PALENQUE
Our ever amoeba-like group flexes once again as to who is going to Palenque and
when. I can hardly keep my head on
straight. Things are moving so fast and
I am so far behind writing about it, I feel like a Panzer Commander in WW II
moving through France at breakneck speed.
I am also getting threats from home.
“Post: or else!” Luckily I don’t have pets. I think they would be stuffed and mounted by
the time I arrived back in Seattle, due to my tardy dispatches.
The trip
into the archeological ruins at Palenque is luckily quite short. Perhaps half an hour, at most. Arrangements are made almost immediately to
share an English speaking guide (Jose Luiz) with a German couple from Bavaria,
Heike and Klaus. Palenque is a major
site among Mayan ruins, and though it was on my bucket list, I did not think it
approachable due to a long, roundabout approach circuit. But when I found out there was a direct route
from Tikal – however tortured – it went back on the front burner for putting in
a visit.
The site
was discovered in modern times in 1773 by Mexican families out searching for
raw materials for chewing gum. It held a
population of close to 40,000 by 700 AD, with most of the population being domiciled
in wooden houses in the valley surrounding Palenque. Initial occupation of the site occurred
somewhere around 100 BC.
I am
really itching to find out what makes Palenque stand out, and unique compared
to my other Mayan temple objectives: Chichen Itza, Tikal, and Copan. And the answer is quite simple. Accessibility, scope, and the fact this major
Mayan monument was never a City-State. It was always a graveyard. Probably the largest in the world, at 25
square kilometers and containing over 1400 pyramids and supporting structures. Only 1% have been excavated.
Unlike
Tikal, which was a male-dominated settlement, Palenque has a distinct female
energy to it. Three rivers flow through
or nearby the ruins. Eighteen years ago,
evidence was found of an extremely powerful female ruler called the Red
Queen. Unlike in Roman and Greek
burials, where a pair of coins is laid across the deceased’s eyes to “pay the
ferryman” for safe passage across the River Styx to the underworld, jade in the
mouth is used for this purpose in the Mayan world.
The jade
also had high levels of mercury. Mercury
has a nasty habit of killing DNA. Only
from the tooth material, were scientists able to determine this woman was not
native to the area and was imported and married into Mayan Royalty. She was also probably an albino. Her royal housing was called “The Casa of The
White Skin.” The primitive solid rock
platform bed chambers there were padded with feathers and jaguar skins.
As opposed
to Tikal, there is also substantial evidence of bathrooms and kitchens in
Palenque. Royalty regularly enjoyed
protein in the form of pigs, deer, fish, monkeys, and a local delicacy – armadillos. The common folk ate tortillas, beans, and
chiles. Protein was not off limits to
them. The rule was simply whatever was
caught, had to be shared 50% with royalty as a necessary contribution to their
status as “living gods.”
Mayan royalty
often intermarried within their immediate family. The reason was to preserve privilege, and the
exclusive passing of the torch for information, knowledge, and dynastic
secrets. The result was offspring with
crossed eyes, six fingers, and club feet.

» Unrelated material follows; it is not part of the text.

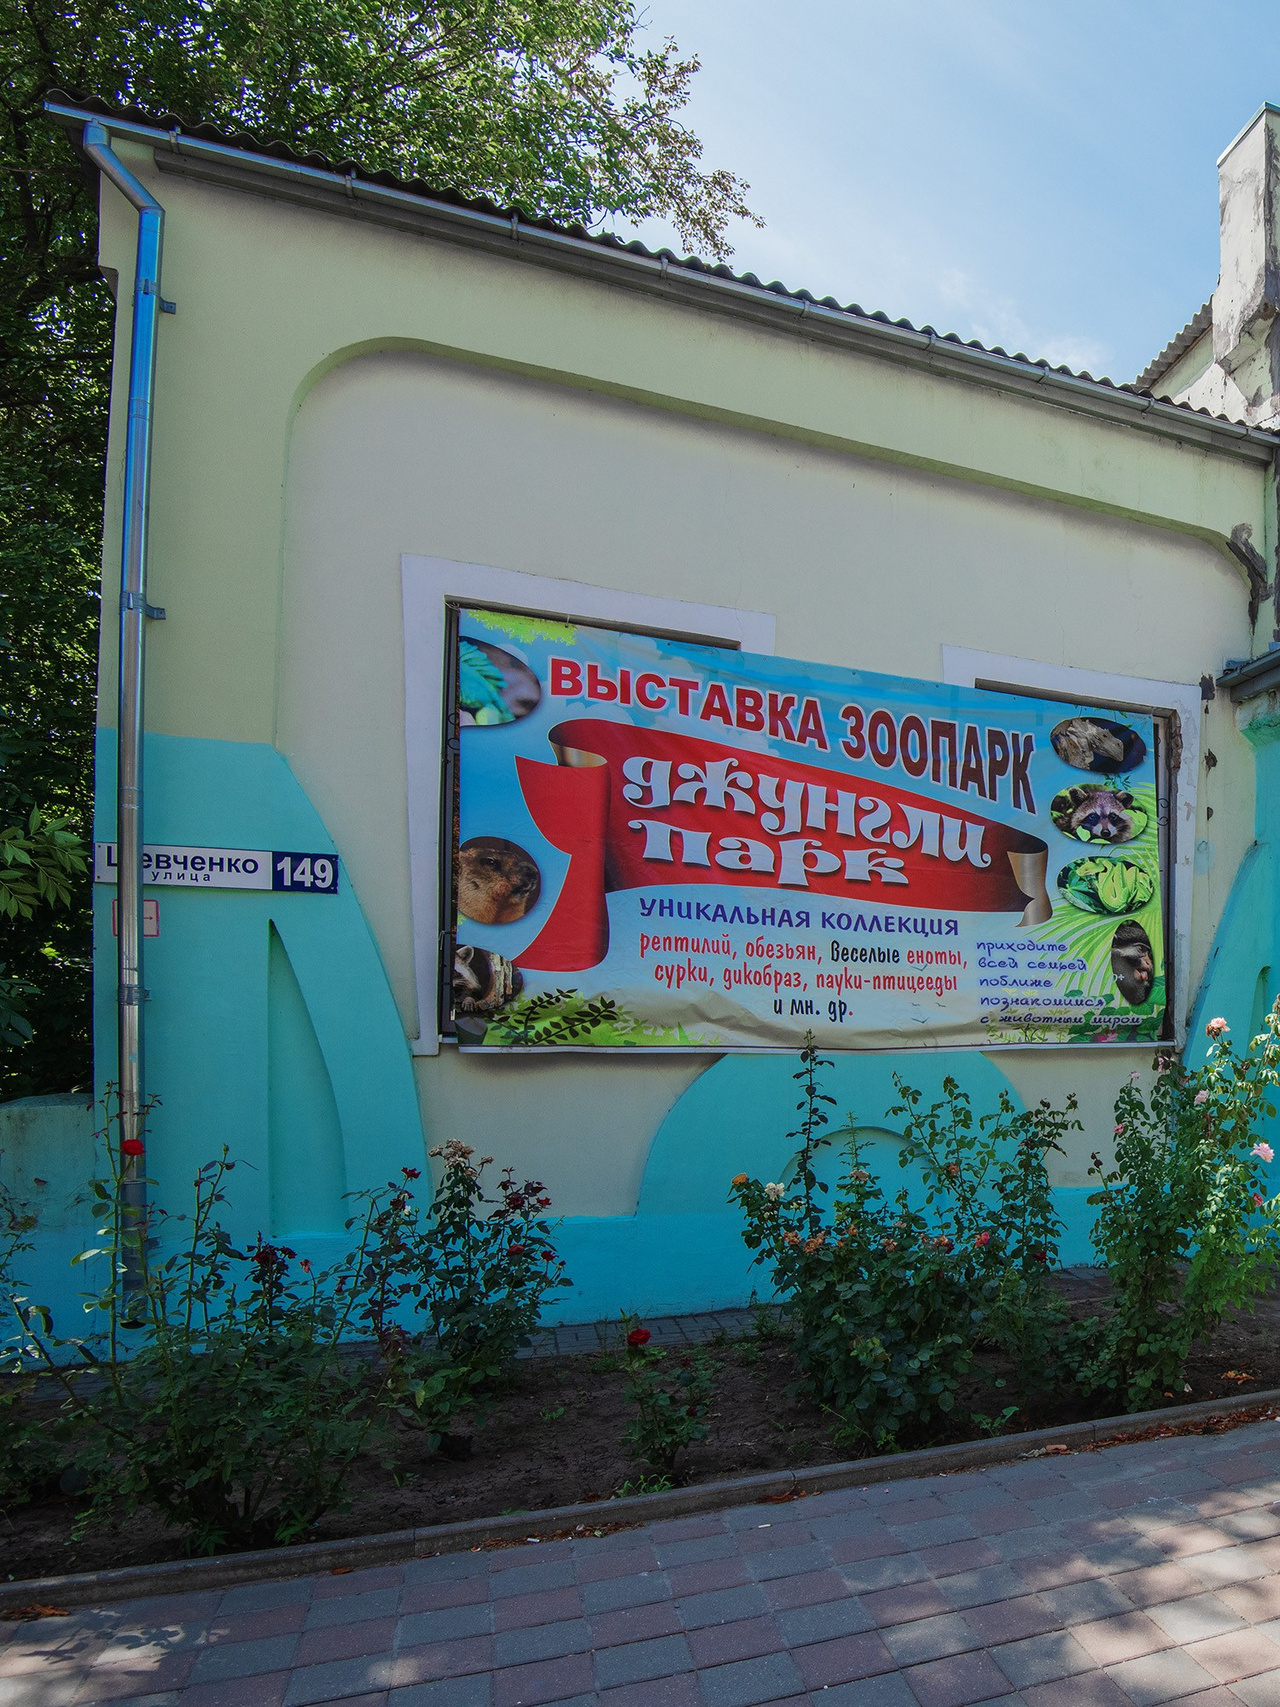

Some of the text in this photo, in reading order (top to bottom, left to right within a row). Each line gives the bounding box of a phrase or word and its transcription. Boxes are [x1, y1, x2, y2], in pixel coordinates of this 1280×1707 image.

And sometimes an albino exterior.
This was not a mark of dishonor, however. It was a badge of distinction. You see this on stilas all over
Palenque. Bass reliefs of royalty with
genetic irregularities make it appear as if these physical deformations are gifts
of the gods. It was not something that
was hidden, but rather extolled.
Especially in Palenque.
I visit
the Temple of the Red Queen, a relatively low-lying step pyramid with
substantial hollowed out interior space dedicated to the monarch’s final
resting place in a Mayan arched burial chamber.
Space for her servants (who were sacrificed upon the Red Queen’s death)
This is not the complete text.